(The problem)
Only the records, exactly as written, belong in the answer; pictures do not.

(Stored data entries)
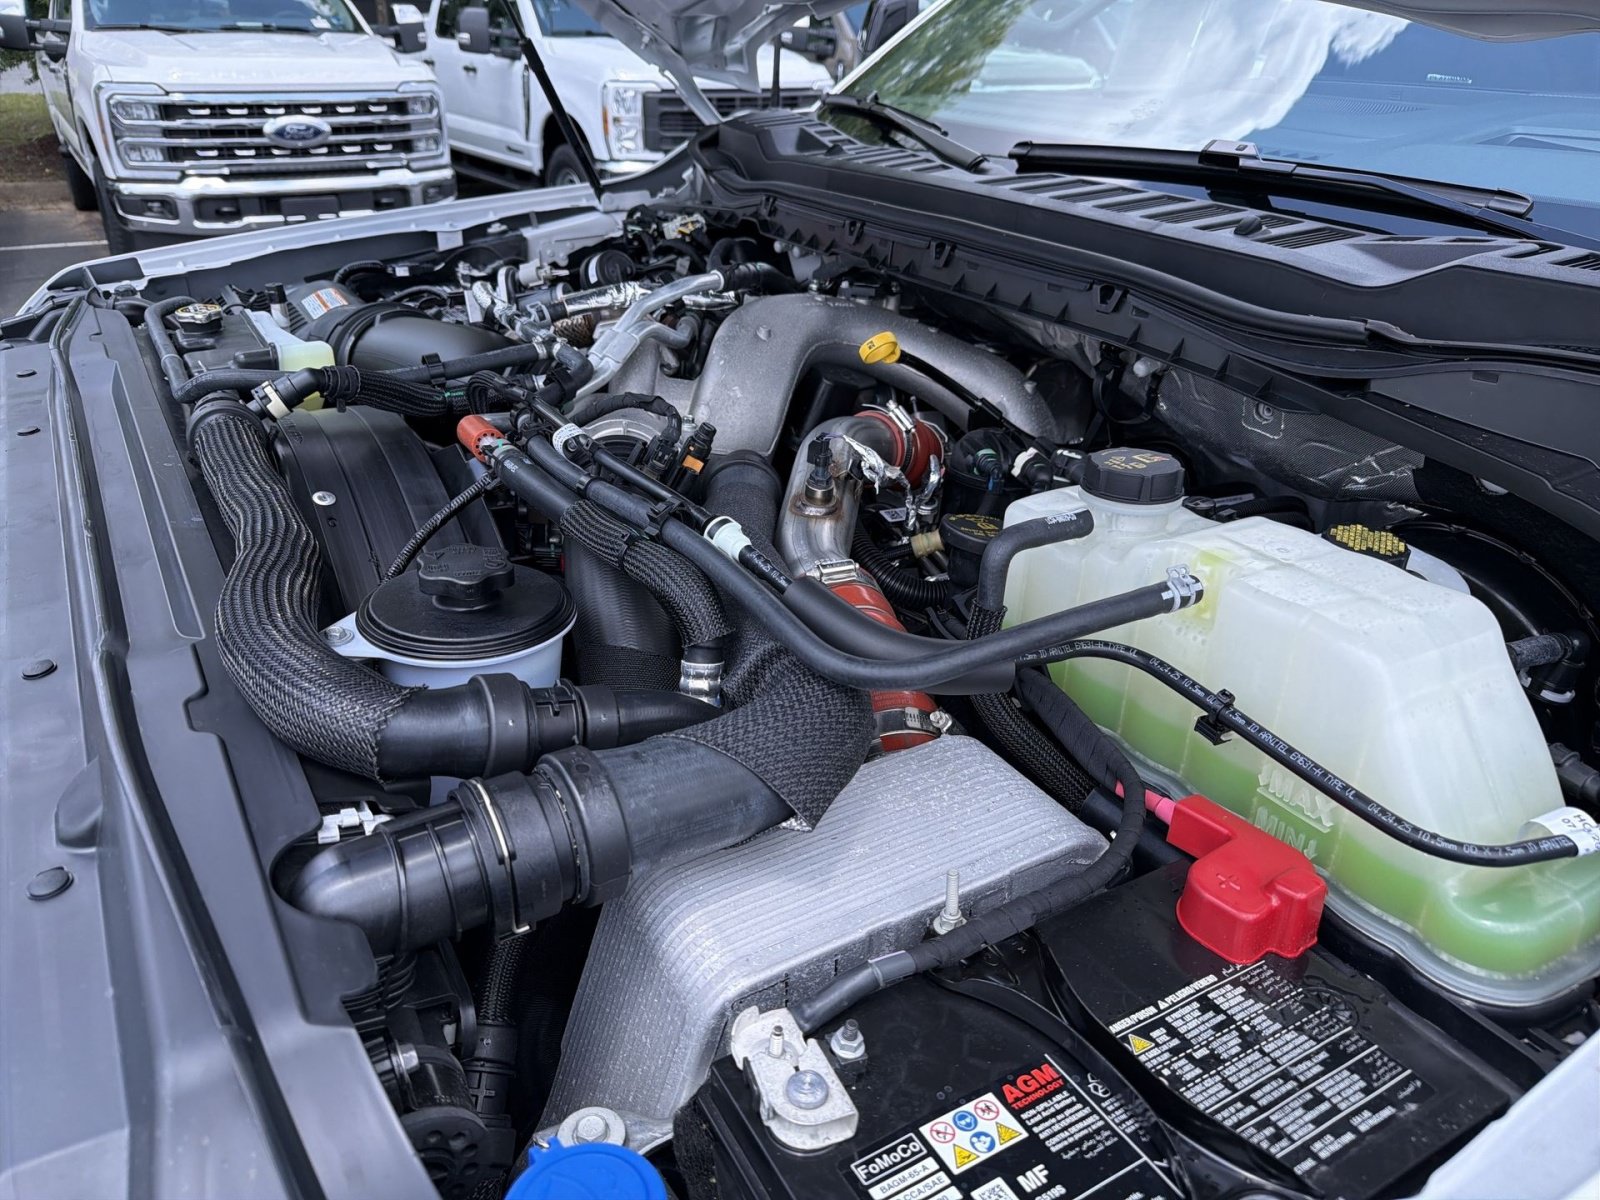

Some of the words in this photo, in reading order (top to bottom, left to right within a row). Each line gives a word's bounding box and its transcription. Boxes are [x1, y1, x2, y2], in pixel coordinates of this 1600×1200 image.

[284, 124, 314, 139] Ford
[1049, 643, 1073, 656] ARNITEL
[1107, 642, 1126, 653] TYPE
[1149, 657, 1183, 681] 04.24.25
[1182, 678, 1206, 698] 10.5mm
[1225, 707, 1246, 726] 7.5mm
[1259, 731, 1290, 755] ARNITEL
[1324, 773, 1346, 792] TYPE
[1367, 802, 1414, 833] 04.24.25
[1417, 830, 1458, 851] 10.5mm
[1463, 843, 1478, 854] OD
[1498, 846, 1525, 857] 7.5mm
[1538, 835, 1574, 853] ARNITEL
[1269, 768, 1338, 827] MAX
[1255, 806, 1306, 853] MIN
[1162, 973, 1219, 1004] PELIGRO/VENENO
[1106, 1004, 1159, 1033] ANGER/POISON
[1002, 1063, 1061, 1104] AGM
[1011, 1078, 1065, 1110] TECHNOLOGY
[1019, 1089, 1070, 1120] NON-SPILLABLE
[1024, 1113, 1043, 1126] Lead
[1039, 1105, 1057, 1117] Acid
[1052, 1094, 1078, 1111] Battery
[1036, 1127, 1054, 1139] ANTI
[1043, 1129, 1071, 1147] CONTRA
[1066, 1112, 1101, 1134] DERRAMES
[856, 1140, 922, 1180] FoMoCo
[879, 1164, 930, 1194] BAGM-65-A
[1016, 1163, 1050, 1193] MF
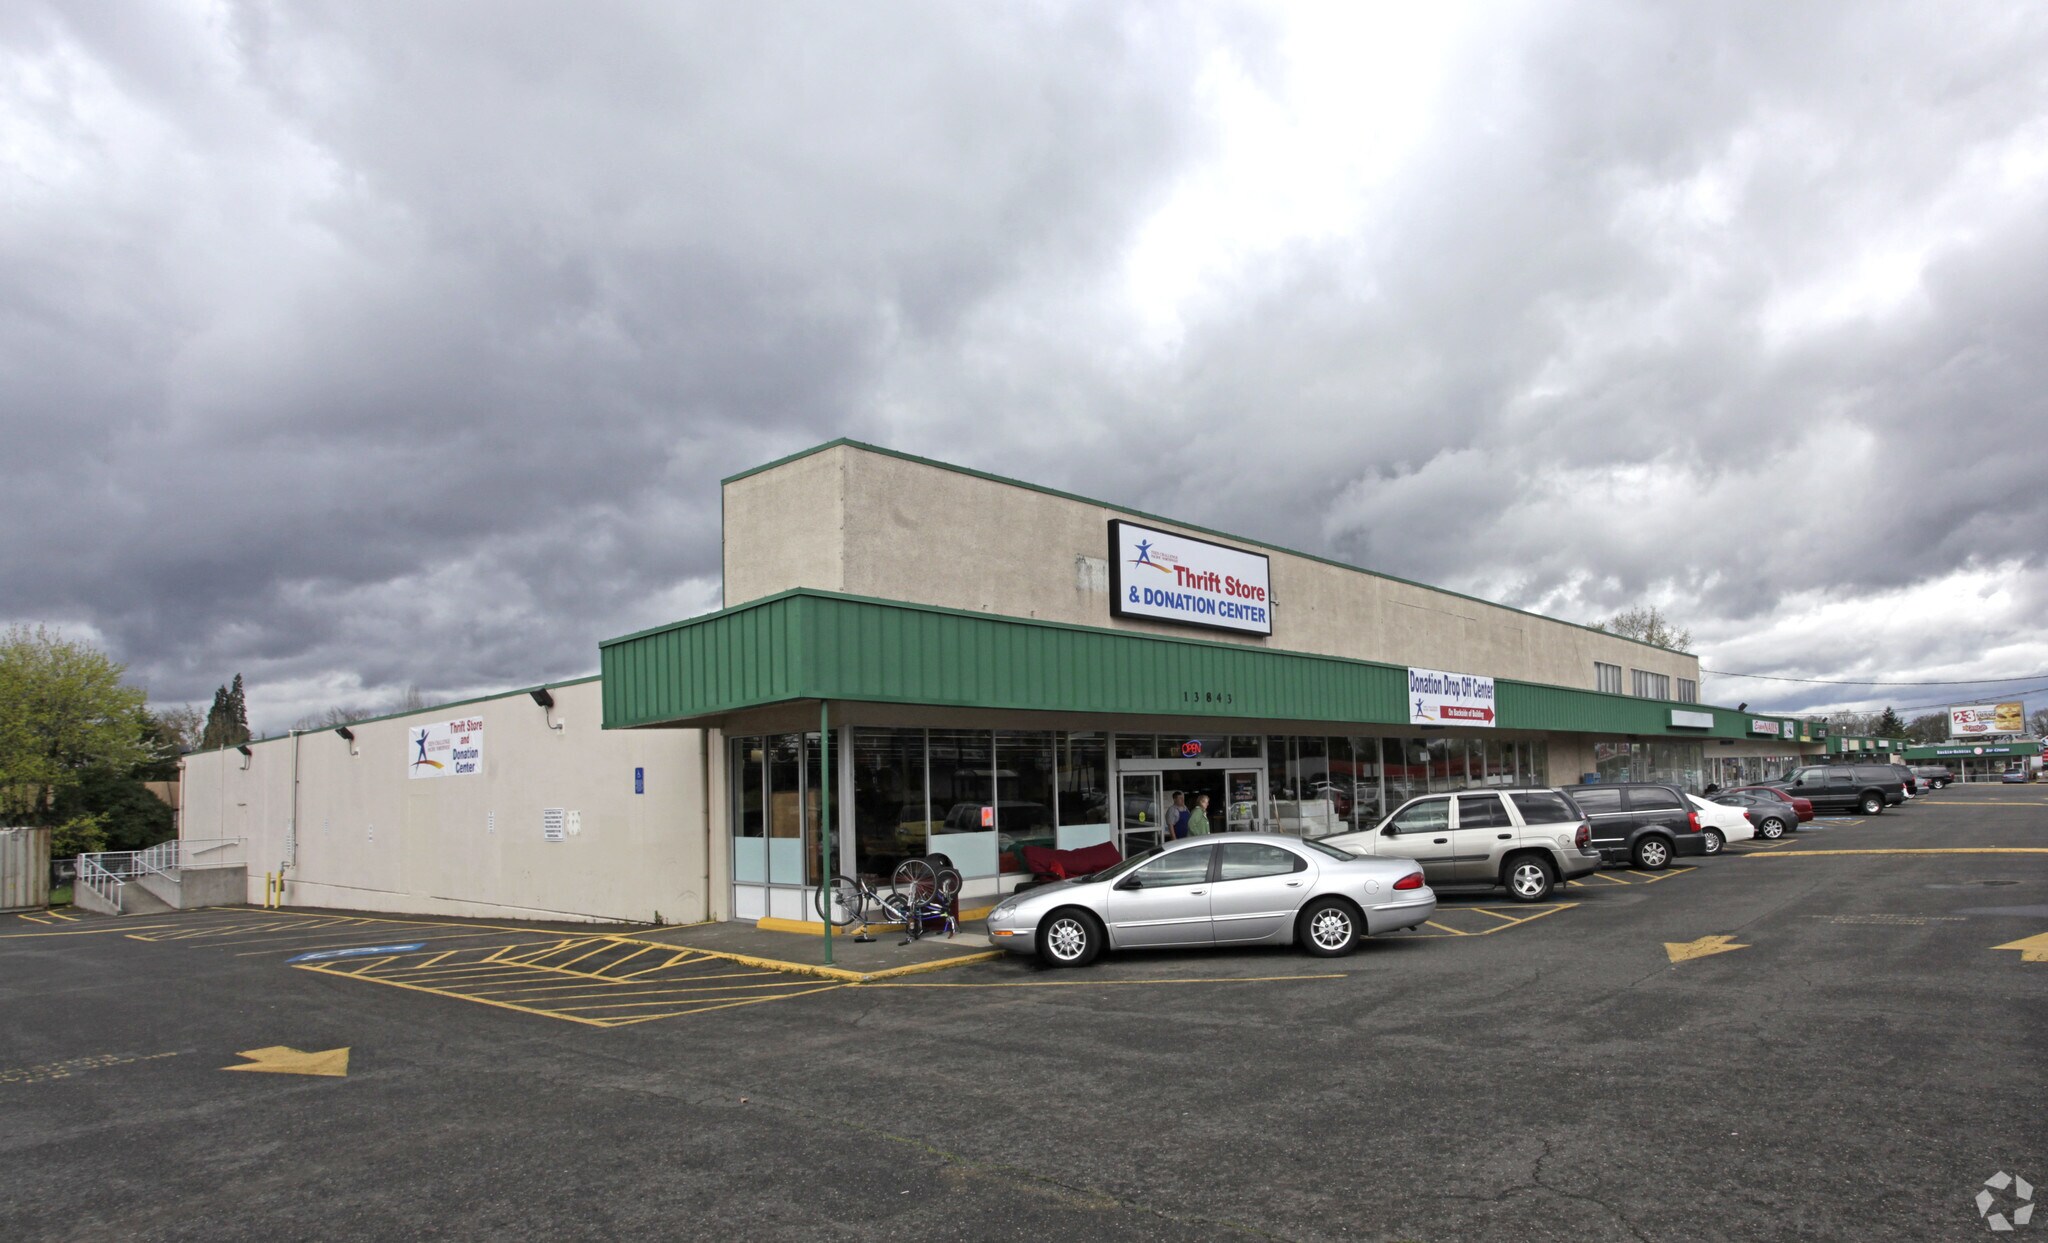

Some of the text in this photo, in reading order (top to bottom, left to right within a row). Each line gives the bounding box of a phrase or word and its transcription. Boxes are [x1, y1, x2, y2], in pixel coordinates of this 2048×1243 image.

[1173, 564, 1265, 601] Thrift Store
[1129, 585, 1266, 623] & DONATION CENTER
[1410, 670, 1493, 701] Donation Drop Off Center
[1184, 691, 1232, 704] 13843
[1448, 707, 1454, 716] On
[1454, 708, 1468, 717] Backside
[1473, 709, 1484, 720] Building
[450, 719, 482, 734] Thrift Store
[460, 733, 469, 744] and
[453, 747, 478, 760] Donation
[1182, 743, 1201, 754] OPEN
[456, 762, 475, 774] Center
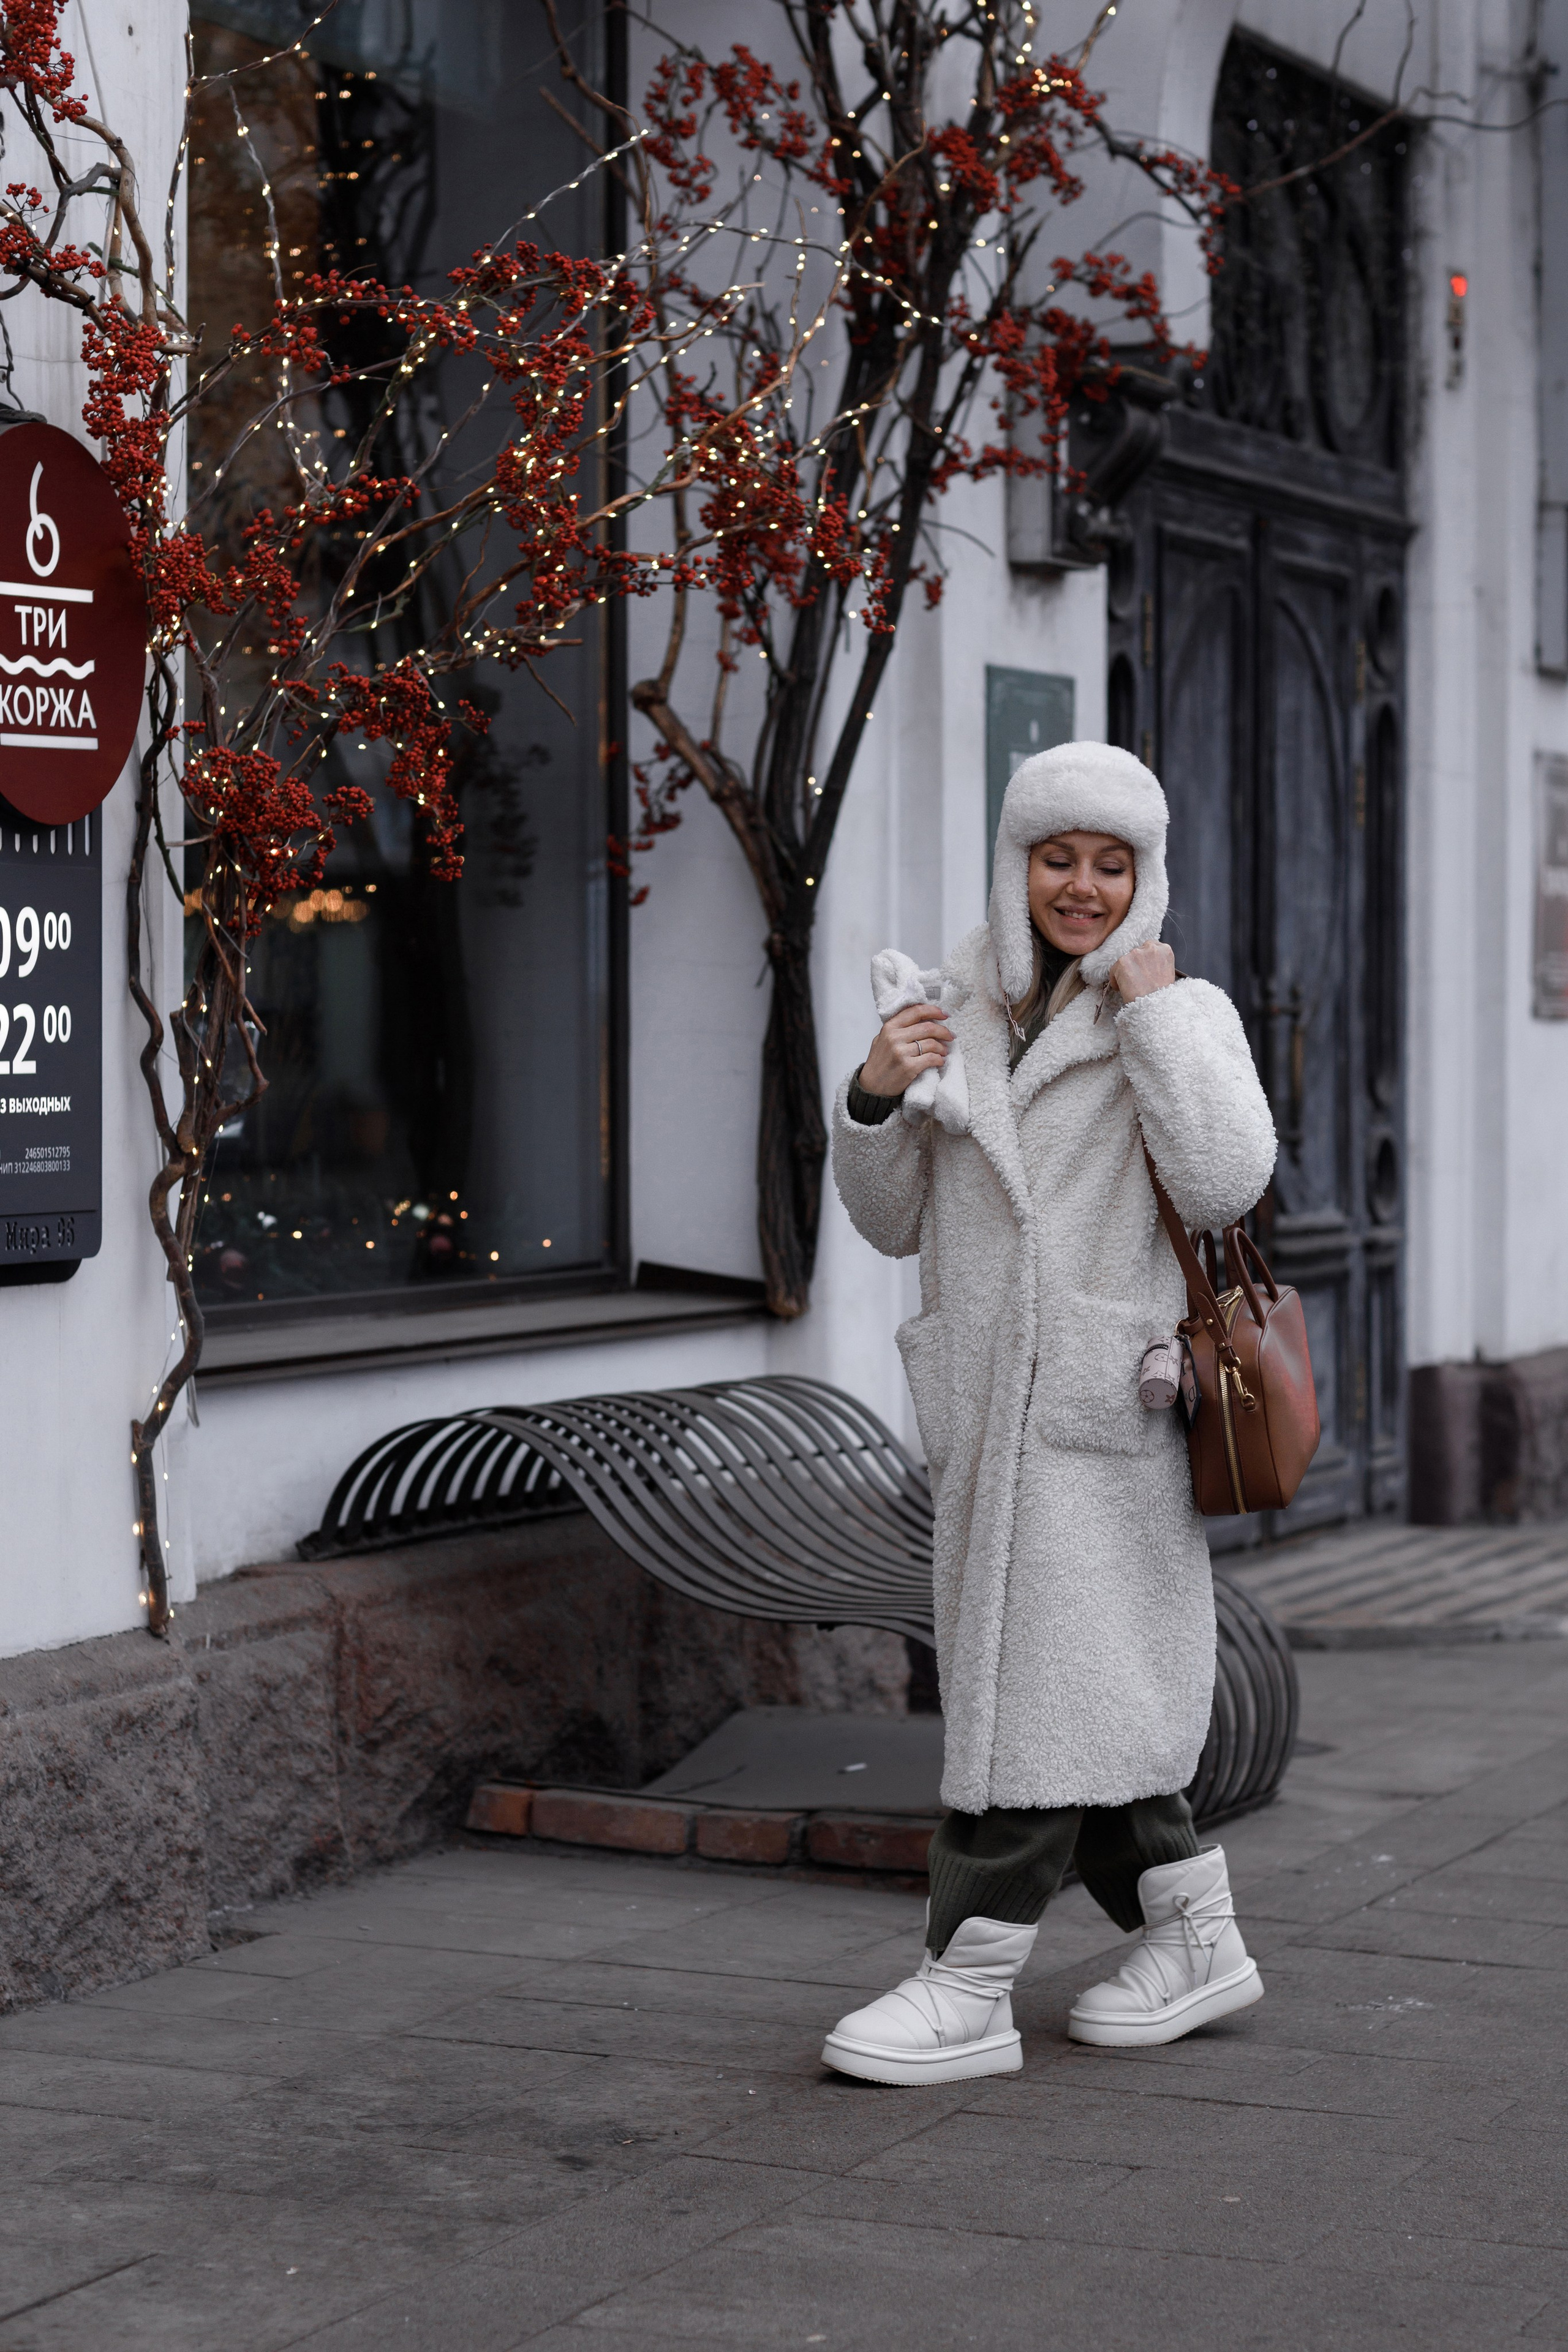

(Answer space)
Some of the words in this photo, in reading order (top to bottom, left to right within a row). Each line gives a word's bounding box and its transcription. Boxes are [x1, y1, x2, y2], in pixel coordinates of this 1600×1200 image.

[284, 124, 314, 139] Ford
[1049, 643, 1073, 656] ARNITEL
[1107, 642, 1126, 653] TYPE
[1149, 657, 1183, 681] 04.24.25
[1182, 678, 1206, 698] 10.5mm
[1225, 707, 1246, 726] 7.5mm
[1259, 731, 1290, 755] ARNITEL
[1324, 773, 1346, 792] TYPE
[1367, 802, 1414, 833] 04.24.25
[1417, 830, 1458, 851] 10.5mm
[1463, 843, 1478, 854] OD
[1498, 846, 1525, 857] 7.5mm
[1538, 835, 1574, 853] ARNITEL
[1269, 768, 1338, 827] MAX
[1255, 806, 1306, 853] MIN
[1162, 973, 1219, 1004] PELIGRO/VENENO
[1106, 1004, 1159, 1033] ANGER/POISON
[1002, 1063, 1061, 1104] AGM
[1011, 1078, 1065, 1110] TECHNOLOGY
[1019, 1089, 1070, 1120] NON-SPILLABLE
[1024, 1113, 1043, 1126] Lead
[1039, 1105, 1057, 1117] Acid
[1052, 1094, 1078, 1111] Battery
[1036, 1127, 1054, 1139] ANTI
[1043, 1129, 1071, 1147] CONTRA
[1066, 1112, 1101, 1134] DERRAMES
[856, 1140, 922, 1180] FoMoCo
[879, 1164, 930, 1194] BAGM-65-A
[1016, 1163, 1050, 1193] MF

Some of the text in this photo, in reading order (top to bottom, left to right within a row). Each line gives the bounding box of a phrase or word and its transcription. Boxes are [x1, y1, x2, y2], in pixel coordinates of this 2048×1243 image.

[1173, 564, 1265, 601] Thrift Store
[1129, 585, 1266, 623] & DONATION CENTER
[1410, 670, 1493, 701] Donation Drop Off Center
[1184, 691, 1232, 704] 13843
[1448, 707, 1454, 716] On
[1454, 708, 1468, 717] Backside
[1473, 709, 1484, 720] Building
[450, 719, 482, 734] Thrift Store
[460, 733, 469, 744] and
[453, 747, 478, 760] Donation
[1182, 743, 1201, 754] OPEN
[456, 762, 475, 774] Center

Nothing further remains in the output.